今回はインボイス制度開始後に想定される経理業務の変更点についてクローズアップしてご紹介します。
インボイス制度のメリット・デメリットについてはシリーズ記事でわかりやすく解説中です。
シリーズ ~インボイス制度~ 消費税課税事業者編 第1回「インボイス制度とは」
シリーズ ~インボイス制度~ 消費税課税事業者編 第2回「インボイス制度に早めに取り組むべき理由」
シリーズ ~インボイス制度~ 消費税課税事業者編 第3回「事前に知っておきたいインボイス制度の実務」
シリーズ ~インボイス制度~ 消費税免税事業者編 第1回「避けられない変化」
シリーズ ~インボイス制度~ 消費税免税事業者編 第2回「消費税の課税事業者への転換と節税対策」
シリーズ ~インボイス制度~ 消費税免税事業者編 第3回「初めての納税実務で考えること」
目次
実務1:仕入取引ごとにインボイス(適格請求書 以下インボイス)の登録番号を確認する
消費税課税事業者編、第2回でご紹介した通り、免税事業者からの課税仕入における仕入税額控除の経過措置が設けられています。したがって仕入先により経理処理が分かれることとなります。このため、請求書等を受け取った際には仕入先が適格請求書発行事業者か免税事業者かの判定が必要です。

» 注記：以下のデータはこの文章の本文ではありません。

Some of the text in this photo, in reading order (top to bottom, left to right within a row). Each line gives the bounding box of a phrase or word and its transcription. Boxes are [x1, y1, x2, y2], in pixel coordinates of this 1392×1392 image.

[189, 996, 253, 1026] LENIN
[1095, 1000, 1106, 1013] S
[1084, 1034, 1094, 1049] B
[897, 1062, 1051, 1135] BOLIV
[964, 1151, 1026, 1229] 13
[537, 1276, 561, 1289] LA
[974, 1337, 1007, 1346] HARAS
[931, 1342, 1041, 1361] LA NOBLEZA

まずは、適格請求書発行事業者の登録番号の有無により判定することが必須となりますが、実際には登録番号の有無だけでは証明にはなりません。真正性という点からいうと国税庁の適格請求書発行事業者公表サイトで確認するのが望ましいと言えます。
※国税庁 インボイス制度 適格請求書発行事業者公表サイト
実務2:免税事業者の消費税処理
適格請求書発行事業者の確認後は、免税事業者からの課税仕入における仕入税額控除の経過措置を適切に反映させた仕訳伝票を作成しなければなりません。

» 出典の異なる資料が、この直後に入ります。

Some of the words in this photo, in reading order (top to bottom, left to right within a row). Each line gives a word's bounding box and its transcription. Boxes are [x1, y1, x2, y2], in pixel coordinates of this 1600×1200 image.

では、具体的な会計処理・仕訳例を通じて、免税事業者から購入した消耗品の仕訳伝票をみてみましょう。
取引内容 ⇒ 2023年10月に免税事業者から11,000円の消耗品を現金で購入した。
・パターン1
消耗品費 10,200 // 現金 11,000
仮払消費税 800
こちらは課税仕入にかかる消費税1,000円のうち、経過措置により20%分の200円は控除できないため、消耗品費として処理します。
・パターン2
【期中処理】
消耗品費 10,000 // 現金 11,000
仮払消費税 1,000
【決算処理】
雑損失 200 // 仮払消費税 200
仕入取引の発生時点では、仕入税額相当額1,000円全額を仮払消費税とし、消費税納税計算確定後の決算処理において、雑損失等の費用に振り替える処理方法です。
どちらの場合も、経過措置期間における免税事業者からの80%控除対象の課税仕入であることを区別できるようにしておくことが重要です。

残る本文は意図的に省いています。